Digitale Transformation bedeutet deshalb mehr als bestehende analoge Prozesse zu digitalisieren oder gar zu ersetzen. In einer digital vernetzten Welt müssen Entscheider mehr denn je lernen, in Zusammenhängen zu denken. Nachhaltiges Wirken und Wirtschaften für eine globale Welt setzt voraus, die Auswirkungen individuellen und unternehmerischen Handelns in einen globalen Kontext zu stellen.

Neue Kompetenzen sind gefragt
Gerade diese globale Perspektive ist es, die die zweite große Herausforderung für Unternehmen und Gesellschaft ausmacht und den externen Druck erhöht. Hinweise darauf, dass ein einfaches „Weiter-So" nicht mehr lange funktioniert, gibt es zuhauf. Klimawandel, Ressourcenausbeutung, soziale Spaltung, Armutslücke und Kriege zwingen uns, unser Denken und Handeln zu verändern. Auch wenn oder weil es eben unbequem und ungewohnt ist. Wir sollten uns klar darüber werden, wie sehr wir alle voneinander abhängen. Wir müssen lernen, wie wir mit unseren Ökosystemen und unseren Lebensgrundlagen sinnvoll umgehen. Wir alle brauchen mehr Wissen, Kompetenzen und ein stärkeres Bewusstsein für die Notwendigkeit von Veränderungen.

So gesehen haben die Themen Digitalisierung und Nachhaltigkeit viel miteinander zu tun. Am Energieverbrauch zum Beispiel wird deutlich, dass Digitalisierung einerseits durch Ressourcenschonung zur Nachhaltigkeit beiträgt. Andererseits erweist sich das Internet als Energiefresser der Gegenwart. So verbraucht allein die Bitcoin-Technologie so viel Energie wie ganze Volkswirtschaften. Gerade weil Digitalisierung die grundlegendste Veränderung der Gegenwart ist, gilt es jetzt, diese Entwicklung nachhaltig und verantwortungsbewusst zu gestalten.

Zukunft will gelernt sein
Ein von der Hamburg School of Business Administration (HSBA) entwickeltes Studienprogramm soll diesen beiden Herausforderungen und den notwendigen Veränderungen Rechnung tragen. In seiner strukturellen Konzeption setzt es einen deutlichen Schwerpunkt auf Projektlernen und Forschendes Lernen, denn diese Ansätze stellen die besten Voraussetzungen zur Kompetenzentwicklung dar. Frontalunterricht und Klausuren gibt es in diesem Studiengang nicht. Stattdessen werden fünf verschiedene Projekte im Verlauf des Studiums bearbeitet. Es handelt sich sowohl um aktuelle Fragestellungen von und für Unternehmen zur Digitalisierung und Nachhaltigkeit als auch um wissenschaftliche Forschungsfragen. Im Rahmen des Projekts Sustainability Challenge engagieren sich die Teilnehmer bereits studienbegleitend bei Initiativen, Einrichtungen oder Projekten außerhalb der Hochschule. Gesellschaftliche Verantwortung ist von daher ein fester Bestandteil des Curriculums.

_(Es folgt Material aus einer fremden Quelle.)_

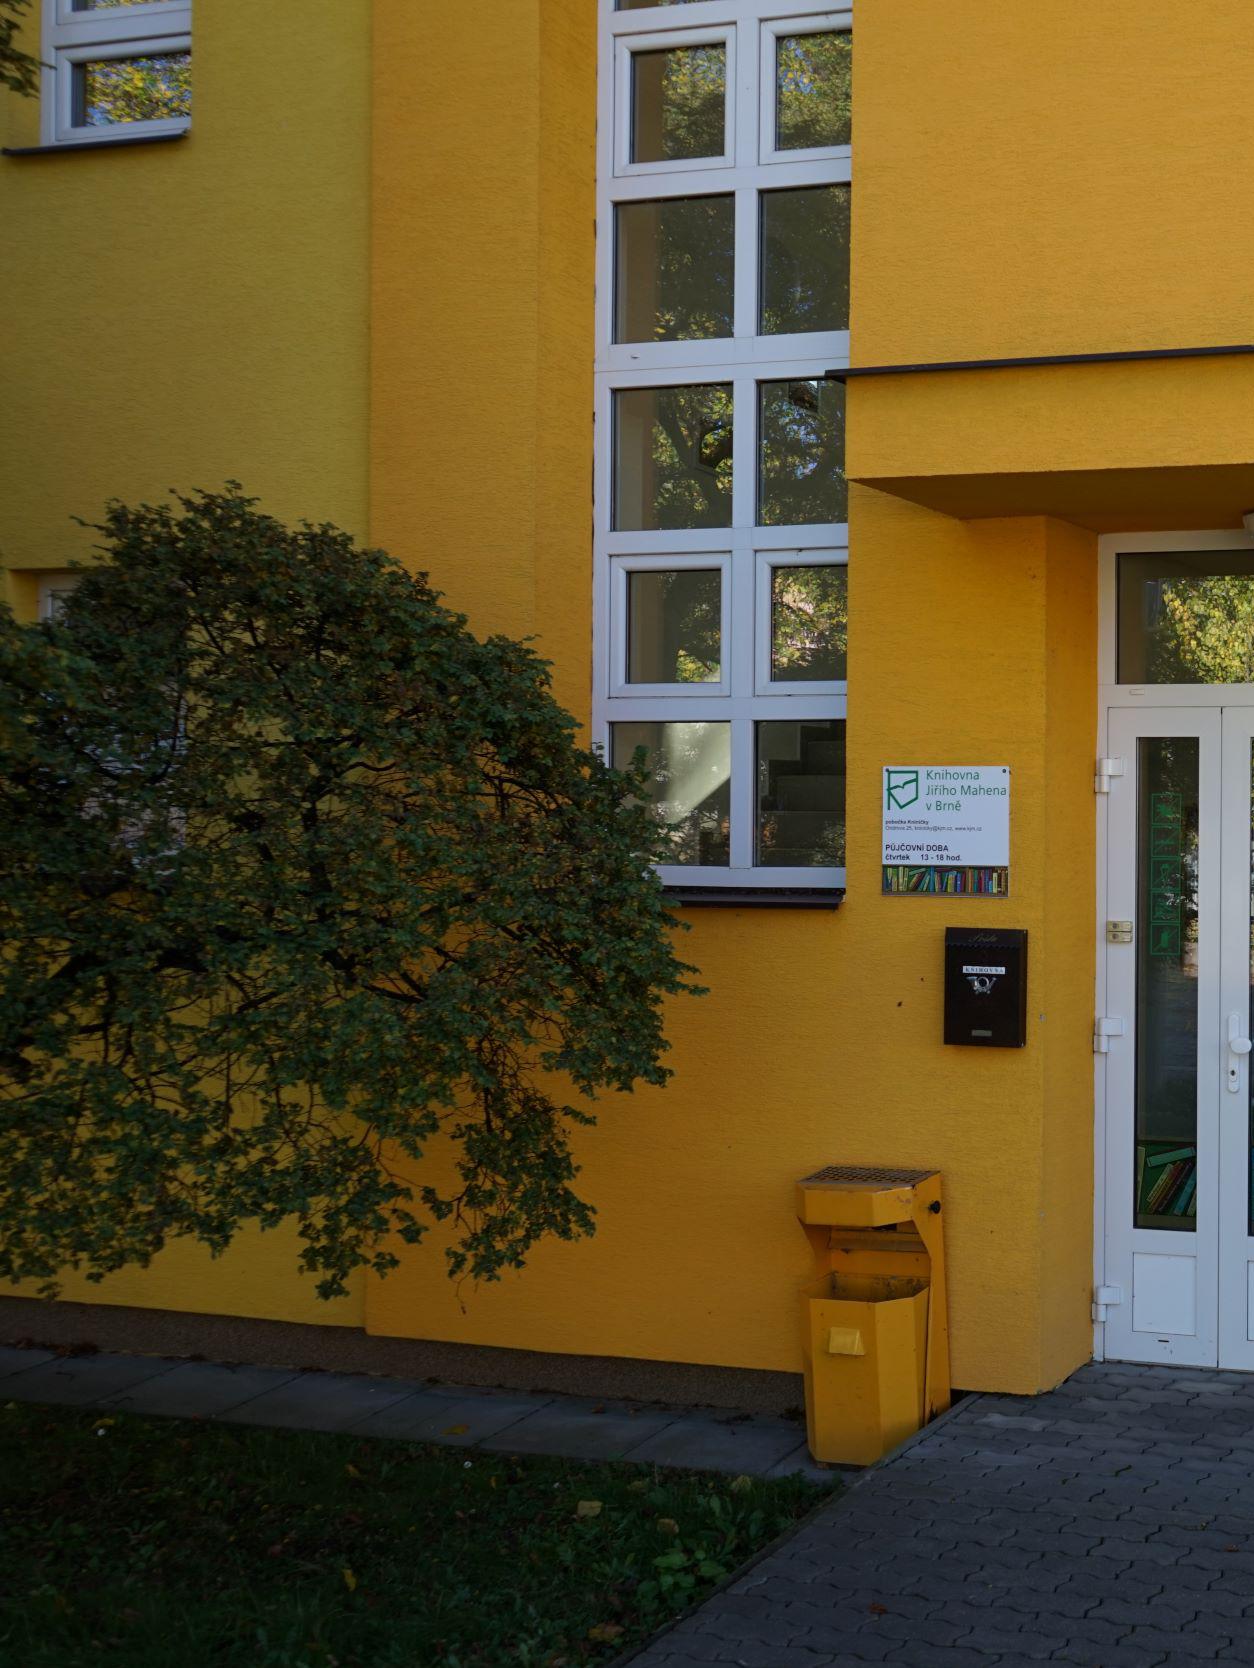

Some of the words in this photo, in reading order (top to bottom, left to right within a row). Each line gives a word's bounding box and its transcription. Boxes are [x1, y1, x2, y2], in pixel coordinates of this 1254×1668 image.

[926, 769, 980, 780] Knihovna
[925, 784, 957, 796] Jiřího
[960, 785, 1007, 796] Mahena
[926, 803, 932, 811] v
[935, 800, 962, 811] Brně
[885, 844, 924, 852] PŮJČOVNÍ
[926, 844, 949, 852] DOBA
[946, 854, 962, 862] hod.
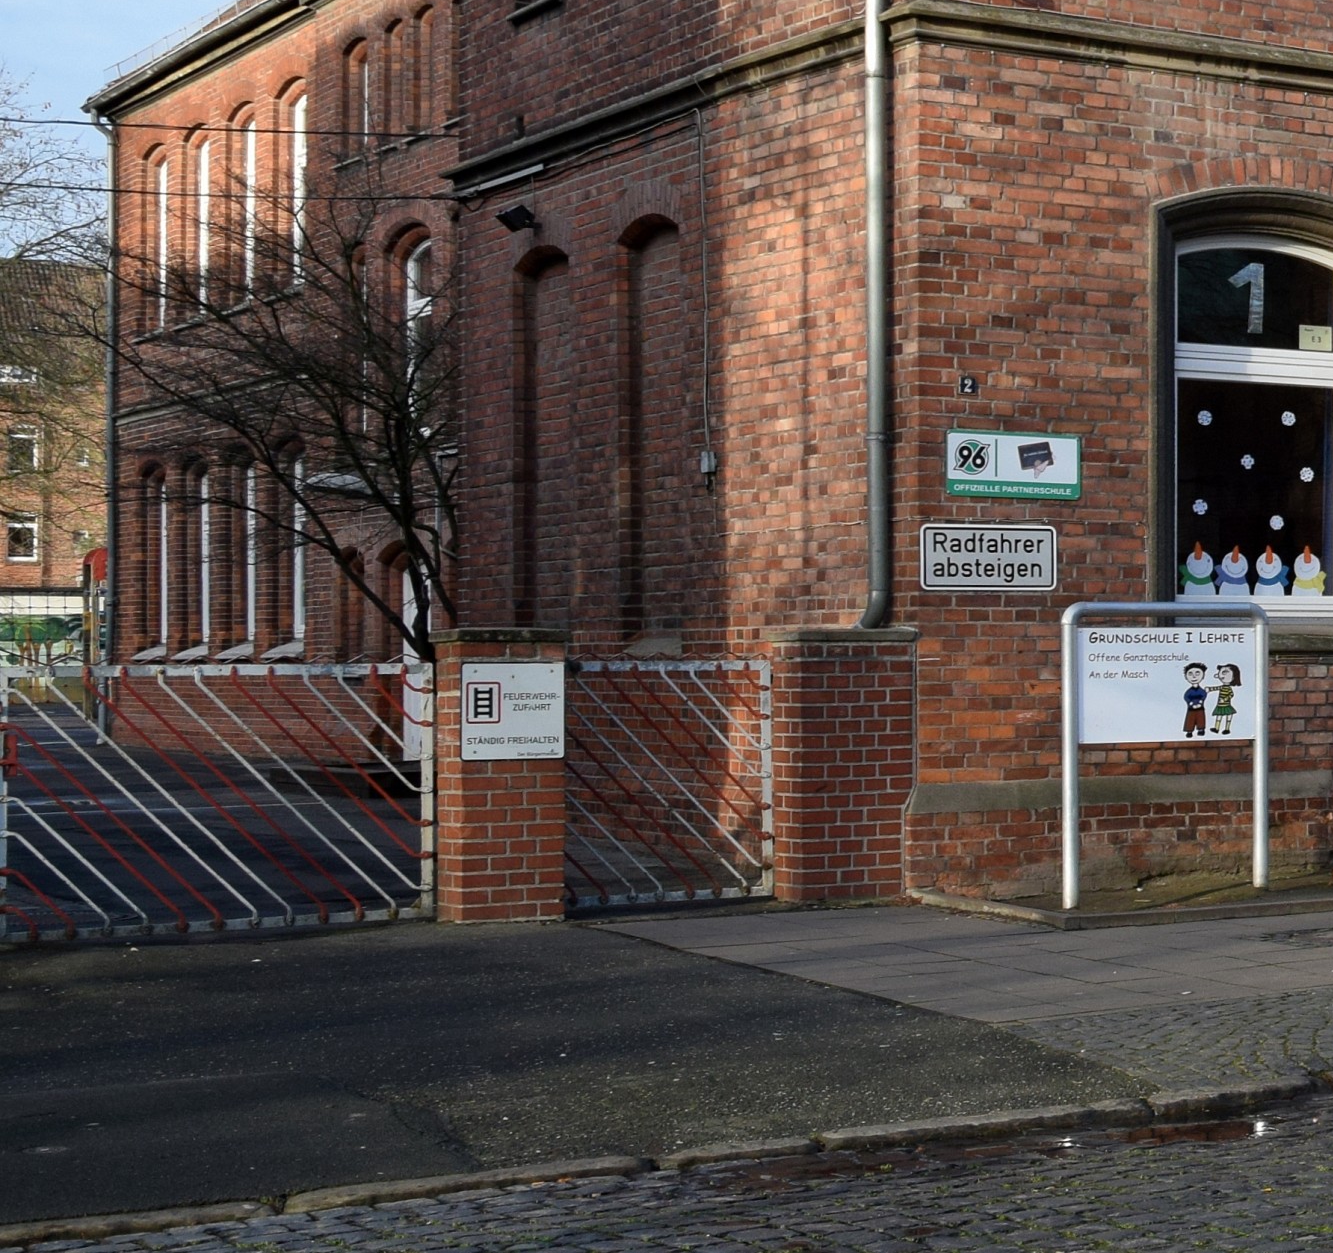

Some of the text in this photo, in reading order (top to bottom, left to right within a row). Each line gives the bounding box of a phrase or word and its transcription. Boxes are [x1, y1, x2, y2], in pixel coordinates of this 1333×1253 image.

[1227, 262, 1264, 334] 1
[963, 378, 973, 393] 2
[957, 444, 988, 470] 96
[953, 483, 1072, 496] OFFIZIELLE PARTNERSCHULE
[932, 532, 1045, 554] Radfahrer
[932, 557, 1043, 583] absteigen
[1199, 631, 1245, 644] LEHRTE
[1088, 652, 1190, 663] Offene Ganztagsschule
[1088, 670, 1149, 679] An der Masch
[503, 692, 560, 701] FEUERWEHR-
[512, 703, 552, 712] ZUFAHRT
[466, 735, 560, 745] STÄNDIG FREIHALTEN

Praxisbezug und interdisziplinäres Lernen
Die Vielfalt und Komplexität der Herausforderungen in Unternehmen und Gesellschaft sind enorm. Deshalb werden Grenzen zwischen Fachdisziplinen, Strukturen und Denkweisen aufgebrochen. Ein interdisziplinäres Team aus Wirtschaftswissenschaftlern, Ingenieuren, Informatikern, Bildungsforschern, Medienexperten und Philosophen hat den Studiengang gemeinsam konzipiert. Charakteristisch dabei ist, dass die Lehrenden eine andere Rolle als gewöhnlich einnehmen. Sie verstehen sich nicht länger als Wissensvermittler, sondern als Lernbegleiter und Projektberater. In einem wachsenden interdisziplinären Netzwerk ermutigen sie dazu, Fragen zu stellen, und begeben sich gemeinsam mit den Studierenden auf die Suche nach Antworten.

Wir leben in einer Welt, deren Fragestellungen nicht mehr mit Musterlösungen beantwortet werden können. Vielmehr gilt es, Wissen fortwährend zu aktualisieren, in interdisziplinären Teams zusammenzuarbeiten, um sich kontinuierlich auf Neues einstellen zu können. Kollaboration, kritisches Denken und Co-Kreativität bei der Entwicklung neuer Lösungen zählen zu den zentralen Kompetenzen im 21. Jahrhundert. Notwendige Methoden werden von den Studierenden selbstverantwortlich und problemorientiert recherchiert; die Anwendung von den Lehrenden begleitet und gecoacht. Ganz im Sinne Goethes, der einst sagte: „Wenn man ins Wasser kommt, lernt man schwimmen."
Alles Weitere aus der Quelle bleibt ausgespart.